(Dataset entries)
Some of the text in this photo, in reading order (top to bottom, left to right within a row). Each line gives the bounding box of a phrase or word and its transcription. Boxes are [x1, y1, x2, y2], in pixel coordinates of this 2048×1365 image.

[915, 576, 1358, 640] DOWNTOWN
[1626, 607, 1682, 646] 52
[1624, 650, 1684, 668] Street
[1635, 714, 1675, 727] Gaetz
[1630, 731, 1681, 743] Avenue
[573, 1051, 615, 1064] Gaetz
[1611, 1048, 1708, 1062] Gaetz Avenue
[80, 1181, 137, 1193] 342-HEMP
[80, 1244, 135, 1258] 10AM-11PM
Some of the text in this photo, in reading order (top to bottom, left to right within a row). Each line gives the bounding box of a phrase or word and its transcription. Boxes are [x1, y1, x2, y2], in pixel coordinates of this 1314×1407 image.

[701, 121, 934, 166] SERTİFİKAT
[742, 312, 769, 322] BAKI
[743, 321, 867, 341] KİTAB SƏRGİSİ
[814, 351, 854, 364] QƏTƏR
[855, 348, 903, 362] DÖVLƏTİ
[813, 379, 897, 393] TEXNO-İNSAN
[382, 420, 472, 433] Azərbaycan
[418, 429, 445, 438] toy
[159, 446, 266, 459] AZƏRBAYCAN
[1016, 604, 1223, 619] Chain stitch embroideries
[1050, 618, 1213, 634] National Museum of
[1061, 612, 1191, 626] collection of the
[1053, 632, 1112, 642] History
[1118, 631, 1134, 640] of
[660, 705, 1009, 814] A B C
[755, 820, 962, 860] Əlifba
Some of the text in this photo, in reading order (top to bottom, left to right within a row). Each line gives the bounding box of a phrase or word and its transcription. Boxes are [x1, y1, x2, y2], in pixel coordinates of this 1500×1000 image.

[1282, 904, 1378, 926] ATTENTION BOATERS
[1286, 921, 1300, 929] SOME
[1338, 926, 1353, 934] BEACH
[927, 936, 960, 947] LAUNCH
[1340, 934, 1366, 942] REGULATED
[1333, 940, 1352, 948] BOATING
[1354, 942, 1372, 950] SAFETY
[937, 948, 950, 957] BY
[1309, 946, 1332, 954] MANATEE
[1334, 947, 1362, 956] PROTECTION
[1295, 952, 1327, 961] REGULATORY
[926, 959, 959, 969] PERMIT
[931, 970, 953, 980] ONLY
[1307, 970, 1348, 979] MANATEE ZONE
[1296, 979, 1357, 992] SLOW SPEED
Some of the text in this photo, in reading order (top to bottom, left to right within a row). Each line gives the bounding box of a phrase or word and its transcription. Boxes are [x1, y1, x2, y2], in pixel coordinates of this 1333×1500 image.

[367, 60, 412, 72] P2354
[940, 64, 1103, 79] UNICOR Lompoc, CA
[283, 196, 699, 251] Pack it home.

### Your task
All entries must come back exactly as they were written.

### Result for this task
Some of the text in this photo, in reading order (top to bottom, left to right within a row). Each line gives the bounding box of a phrase or word and its transcription. Boxes are [x1, y1, x2, y2], in pixel coordinates of this 2048×1365 image.

[915, 576, 1358, 640] DOWNTOWN
[1626, 607, 1682, 646] 52
[1624, 650, 1684, 668] Street
[1635, 714, 1675, 727] Gaetz
[1630, 731, 1681, 743] Avenue
[573, 1051, 615, 1064] Gaetz
[1611, 1048, 1708, 1062] Gaetz Avenue
[80, 1181, 137, 1193] 342-HEMP
[80, 1244, 135, 1258] 10AM-11PM
Some of the text in this photo, in reading order (top to bottom, left to right within a row). Each line gives the bounding box of a phrase or word and its transcription. Boxes are [x1, y1, x2, y2], in pixel coordinates of this 1314×1407 image.

[701, 121, 934, 166] SERTİFİKAT
[742, 312, 769, 322] BAKI
[743, 321, 867, 341] KİTAB SƏRGİSİ
[814, 351, 854, 364] QƏTƏR
[855, 348, 903, 362] DÖVLƏTİ
[813, 379, 897, 393] TEXNO-İNSAN
[382, 420, 472, 433] Azərbaycan
[418, 429, 445, 438] toy
[159, 446, 266, 459] AZƏRBAYCAN
[1016, 604, 1223, 619] Chain stitch embroideries
[1050, 618, 1213, 634] National Museum of
[1061, 612, 1191, 626] collection of the
[1053, 632, 1112, 642] History
[1118, 631, 1134, 640] of
[660, 705, 1009, 814] A B C
[755, 820, 962, 860] Əlifba
Some of the text in this photo, in reading order (top to bottom, left to right within a row). Each line gives the bounding box of a phrase or word and its transcription. Boxes are [x1, y1, x2, y2], in pixel coordinates of this 1500×1000 image.

[1282, 904, 1378, 926] ATTENTION BOATERS
[1286, 921, 1300, 929] SOME
[1338, 926, 1353, 934] BEACH
[927, 936, 960, 947] LAUNCH
[1340, 934, 1366, 942] REGULATED
[1333, 940, 1352, 948] BOATING
[1354, 942, 1372, 950] SAFETY
[937, 948, 950, 957] BY
[1309, 946, 1332, 954] MANATEE
[1334, 947, 1362, 956] PROTECTION
[1295, 952, 1327, 961] REGULATORY
[926, 959, 959, 969] PERMIT
[931, 970, 953, 980] ONLY
[1307, 970, 1348, 979] MANATEE ZONE
[1296, 979, 1357, 992] SLOW SPEED
Some of the text in this photo, in reading order (top to bottom, left to right within a row). Each line gives the bounding box of a phrase or word and its transcription. Boxes are [x1, y1, x2, y2], in pixel coordinates of this 1333×1500 image.

[367, 60, 412, 72] P2354
[940, 64, 1103, 79] UNICOR Lompoc, CA
[283, 196, 699, 251] Pack it home.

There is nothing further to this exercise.